Mendengar pertanyaan Alma, ekspresi dokter menjadi semakin jelek. "Apanya yang makan lagi?! Sudah sampai alergi masih mau makan! Kalau kalian tidak ingin memiliki anak, biarkan bagian pria saja yang melakukan pencegahan saja atau kamu makan obat KB yang jangka panjang!"

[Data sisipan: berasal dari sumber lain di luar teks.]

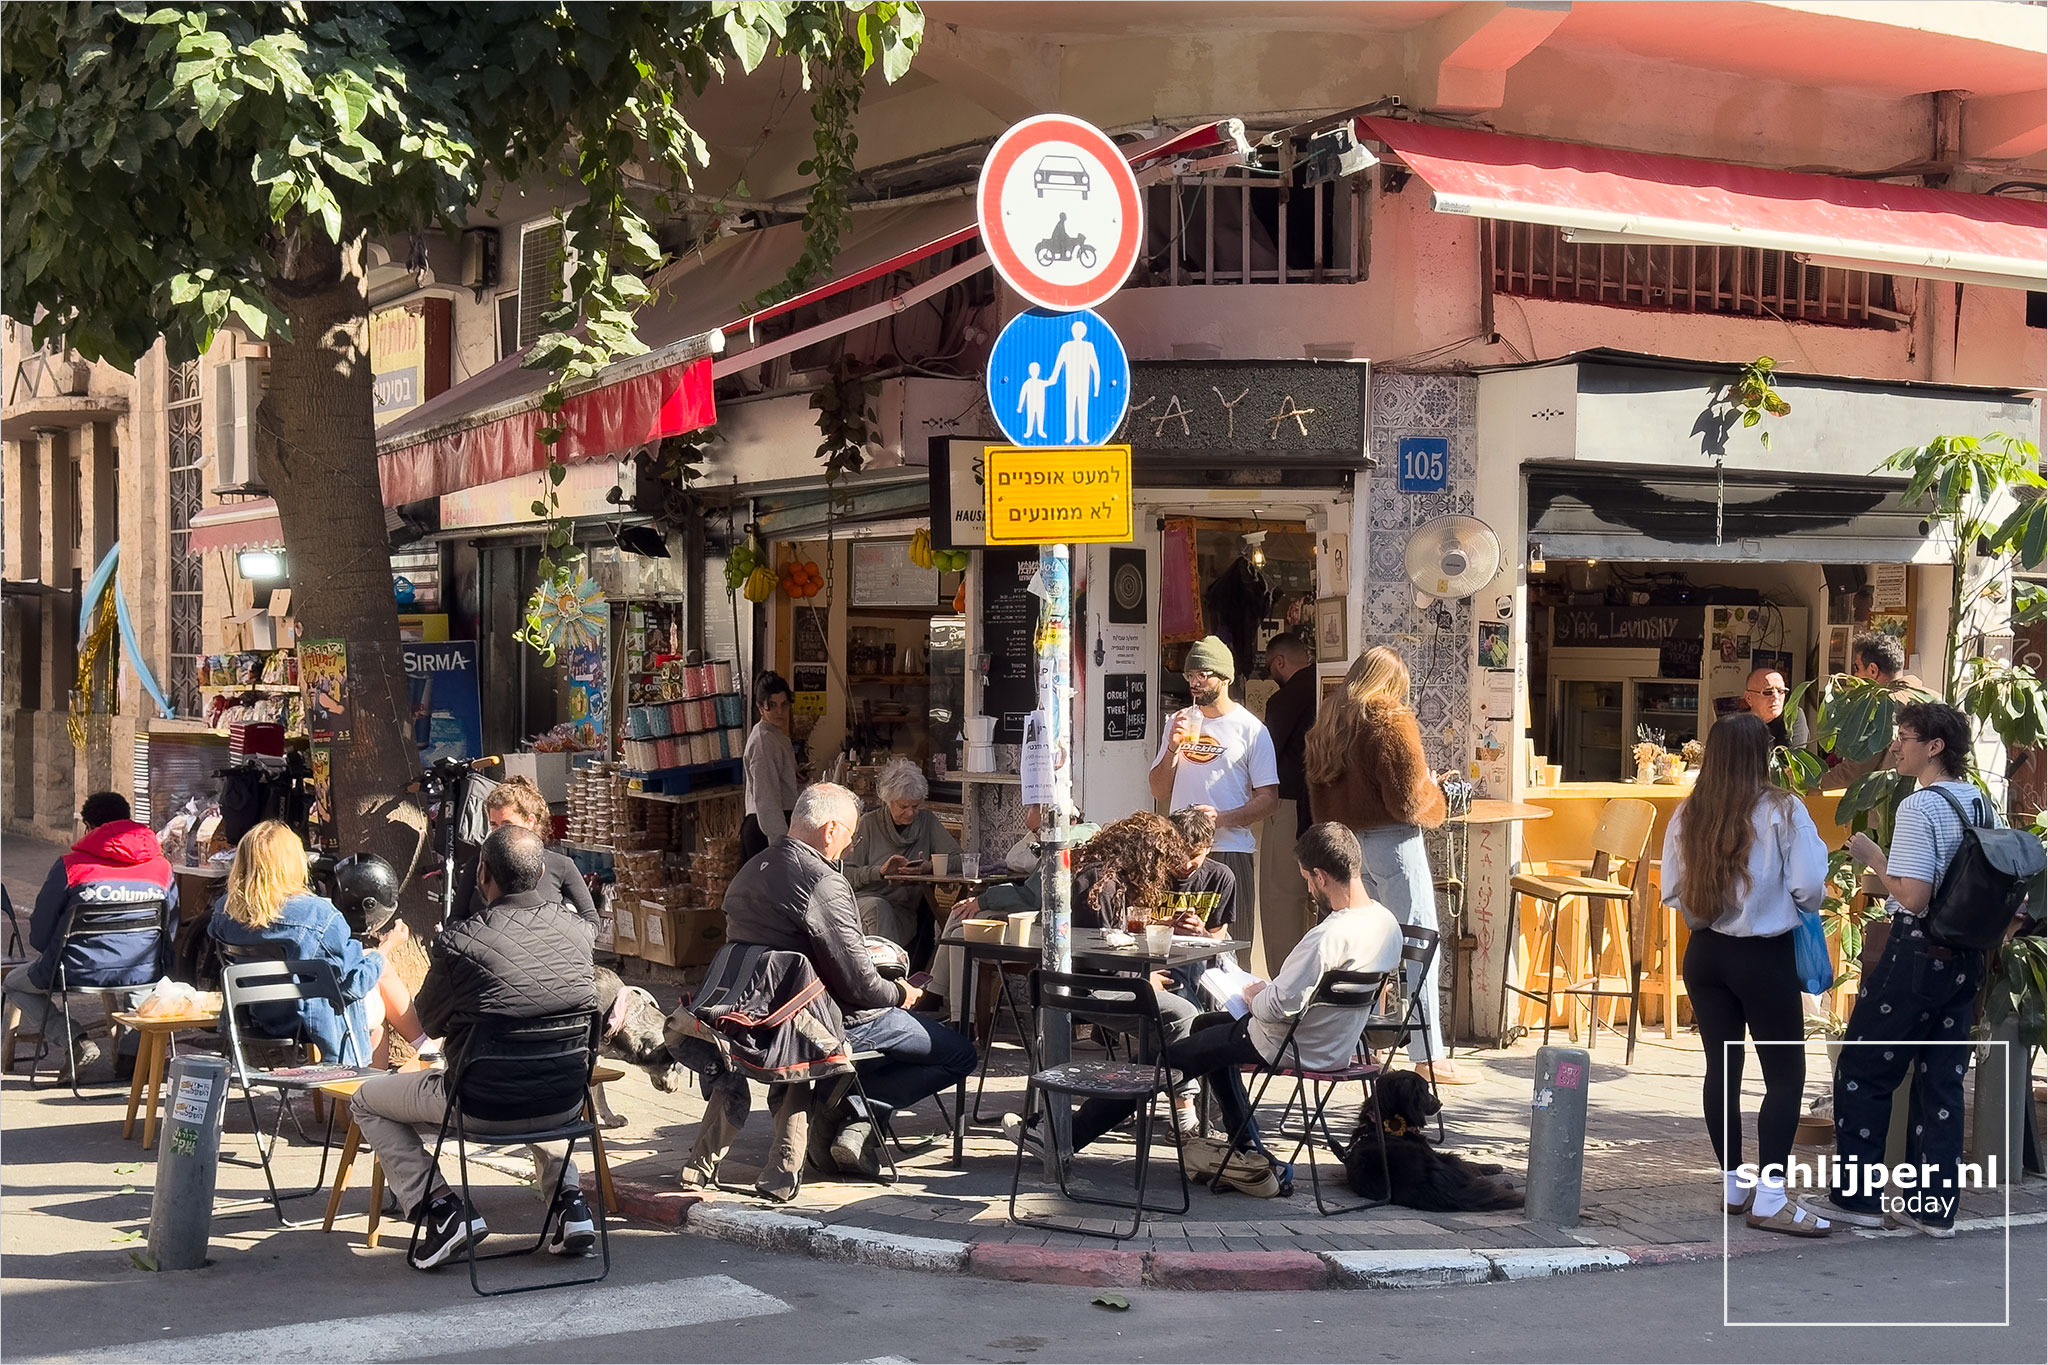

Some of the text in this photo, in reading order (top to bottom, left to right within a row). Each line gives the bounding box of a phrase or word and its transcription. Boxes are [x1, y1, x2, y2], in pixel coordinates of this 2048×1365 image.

"Oh, apakah obat KB jangka panjang tidak akan menyebabkan alergi?" Alma kembali bertanya.
Dokter menggelengkan kepalanya."Belum tentu. Berdasarkan kondisi kamu sekarang, saya menyarankan kalian menggunakan kondom saja, jangan makan obat lagi."
Alma diam setelah mendengarkan perkataan dokter. Masalah menggunakan kondom bukan merupakan keputusan yang bisa dilakukan oleh dirinya.
Alma melirik ke arah Austin sekilas dan dapat dilihat ekspresinya benar-benar sangat jelek. Kalau bukan karena sedang berada di rumah sakit, Alma tahu dia sudah mau meledak.
Setelah memarahi Alma, dokter pun memberikan resep obat kepada Alma. Waktu menulis resep, dokter bahkan tidak lupa memarahi Austin. "Kamu juga, harusnya tahu menyayangi kekasih sendiri. Kenapa kamu membiarkan dia makan obat seperti itu terus?!"
Alis Austin mengerut tidak percaya. Dia tidak menyayangi Alma? Haha, bukankah lebih tepatnya Alma tidak pernah ingin memiliki kasih sayangnya. Masalah makan obat seperti ini juga bukan terjadi untuk pertama kali.
Austin menghembuskan nafas kasar dan membuang muka. Dia berusaha menahan dan tidak membantah dokter.
Setelah keluar dari ruang dokter, Alma pun turun ke bawah mengambil obat.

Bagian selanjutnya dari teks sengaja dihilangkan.